→ **EXERCISE BRIEF**: Would you reproduce each line below exactly, leaving every picture out?

───── LISTED RECORDS

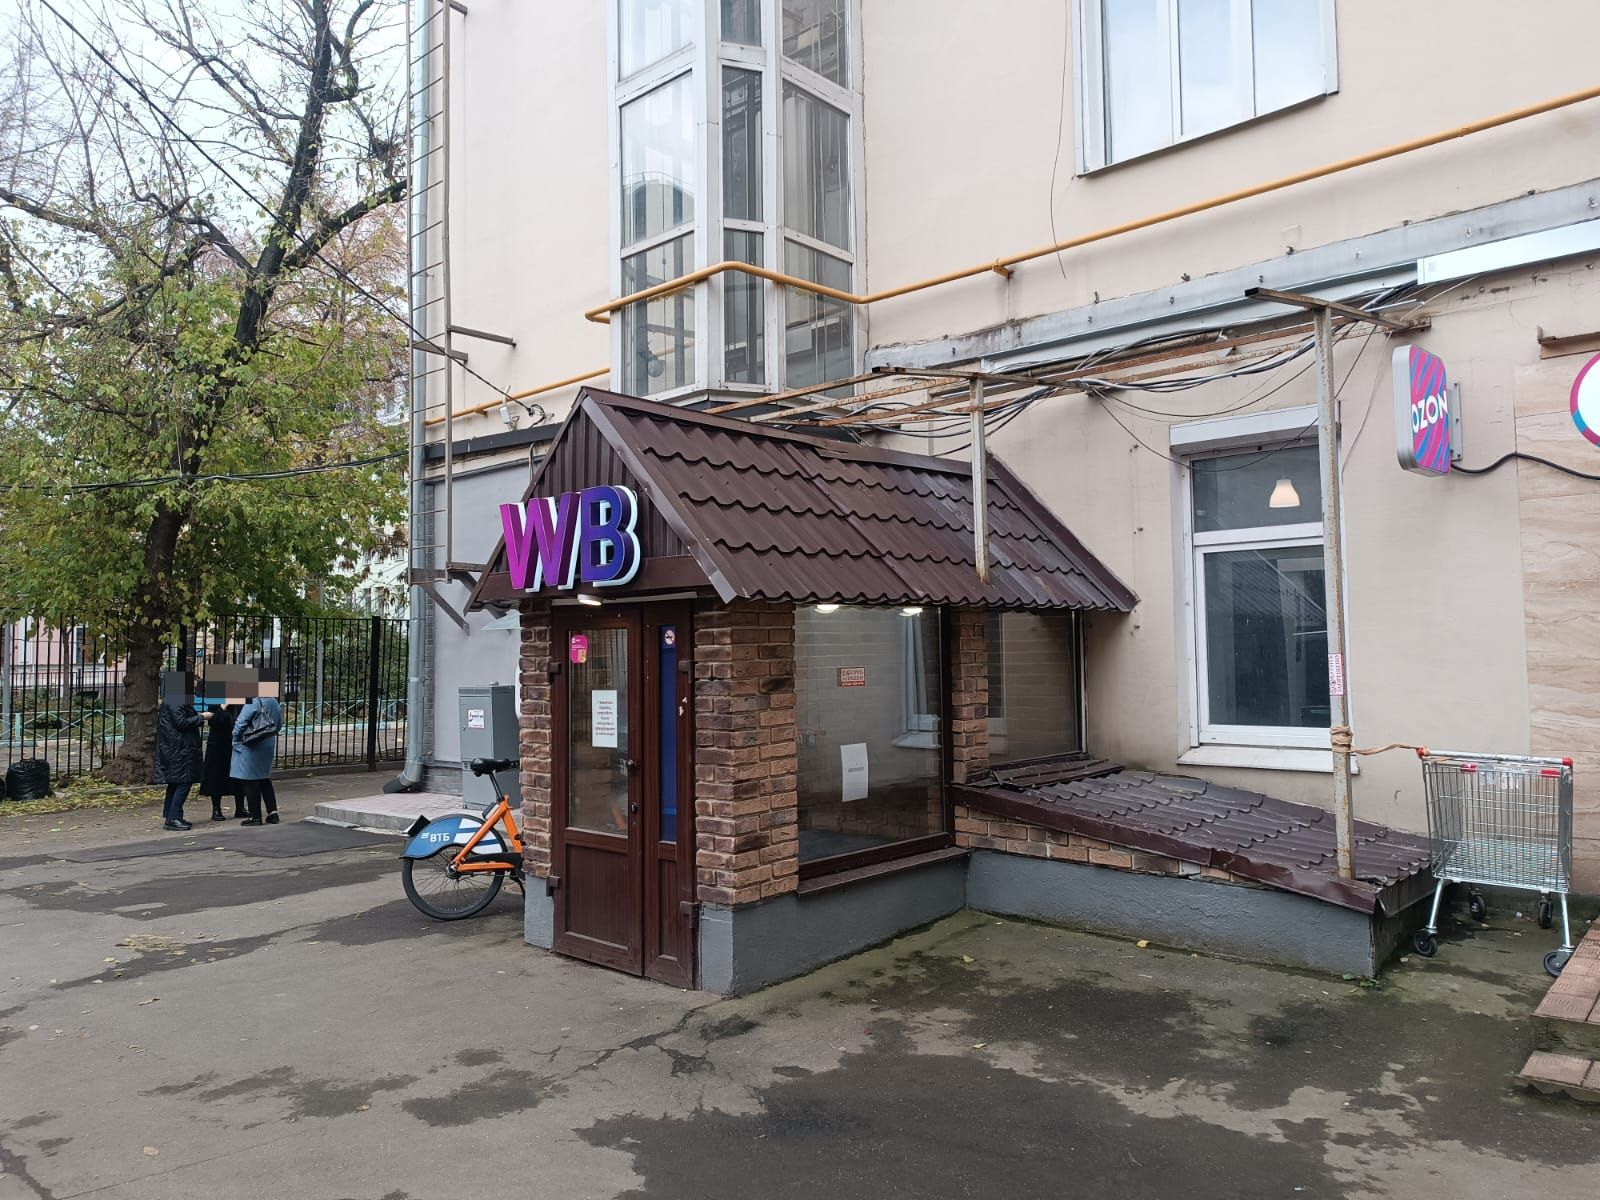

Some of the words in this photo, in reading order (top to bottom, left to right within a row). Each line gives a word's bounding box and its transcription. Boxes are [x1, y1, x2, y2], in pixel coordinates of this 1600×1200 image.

[1411, 390, 1448, 433] OZON
[499, 485, 640, 592] WB
[430, 832, 450, 842] ВТБ
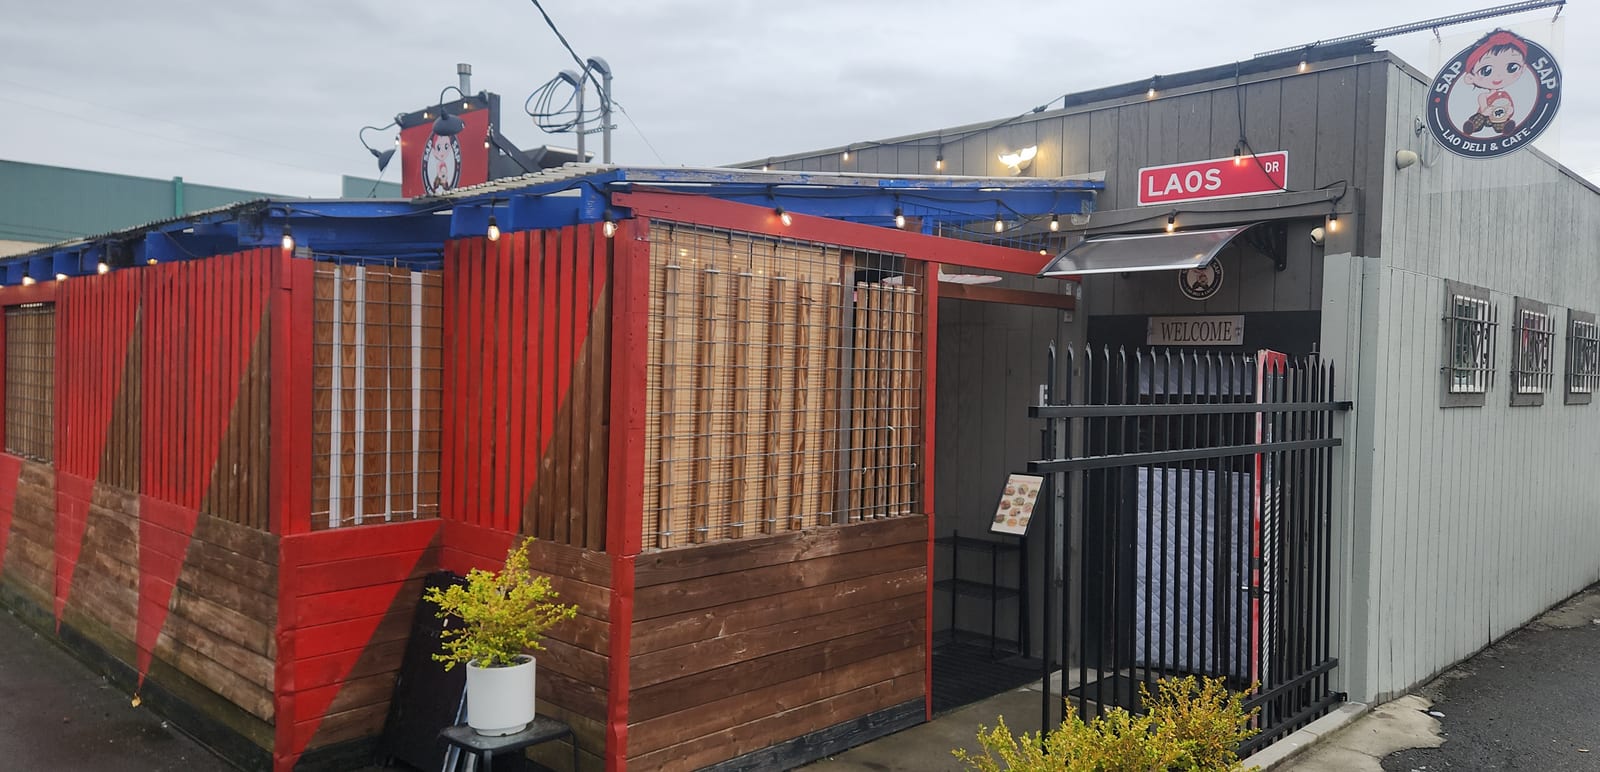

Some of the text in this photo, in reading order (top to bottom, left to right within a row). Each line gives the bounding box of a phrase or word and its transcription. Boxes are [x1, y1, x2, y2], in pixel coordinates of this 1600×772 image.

[1436, 56, 1556, 94] SAP SAP
[1442, 127, 1531, 152] LAO DELI & CAFE
[1148, 161, 1279, 197] LAOS DR
[1161, 321, 1232, 342] WELCOME
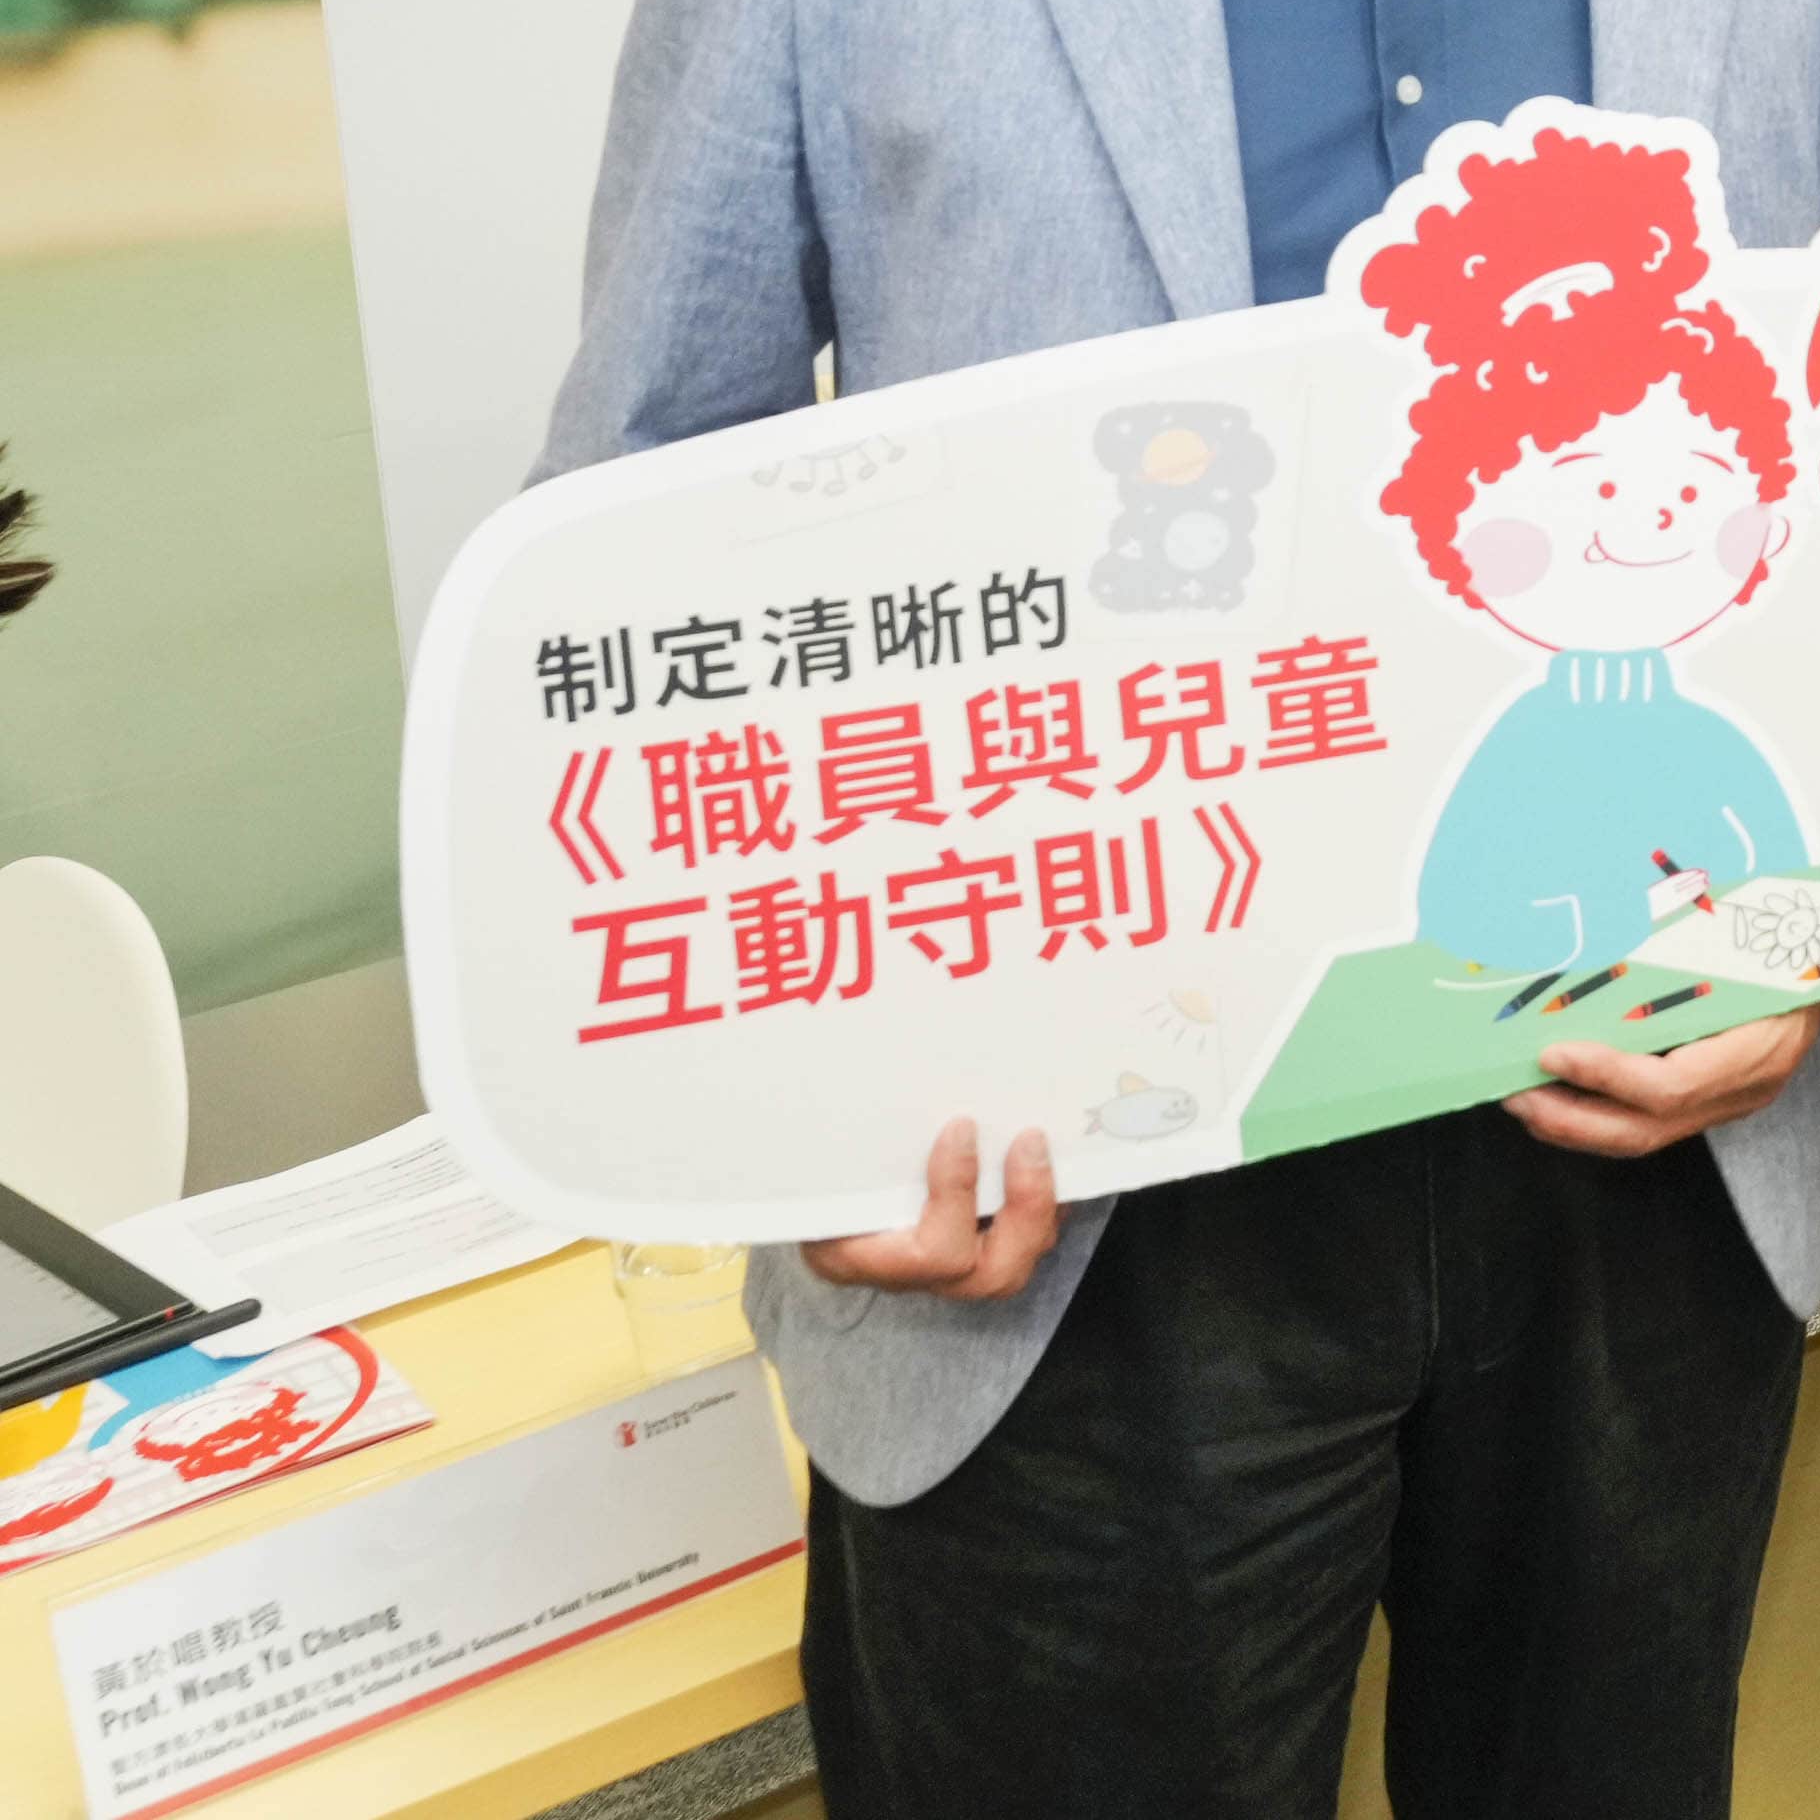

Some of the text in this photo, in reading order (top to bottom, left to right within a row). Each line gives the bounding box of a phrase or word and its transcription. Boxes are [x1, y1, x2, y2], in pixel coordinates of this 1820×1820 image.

──────────

→ **TASK ANSWER**:
Some of the words in this photo, in reading order (top to bottom, left to right within a row). Each line gives a word's bounding box and its transcription. Boxes are [x1, y1, x2, y2], in pixel coordinates of this 1600×1200 image.

[1411, 390, 1448, 433] OZON
[499, 485, 640, 592] WB
[430, 832, 450, 842] ВТБ

Some of the text in this photo, in reading order (top to bottom, left to right within a row). Each line gives the bounding box of a phrase or word and its transcription. Boxes are [x1, y1, x2, y2], in pixel coordinates of this 1600×772 image.

[1436, 56, 1556, 94] SAP SAP
[1442, 127, 1531, 152] LAO DELI & CAFE
[1148, 161, 1279, 197] LAOS DR
[1161, 321, 1232, 342] WELCOME

Some of the text in this photo, in reading order (top to bottom, left to right within a row). Each line gives the bounding box of a phrase or word and its transcription. Boxes are [x1, y1, x2, y2], in pixel coordinates of this 1820×1820 image.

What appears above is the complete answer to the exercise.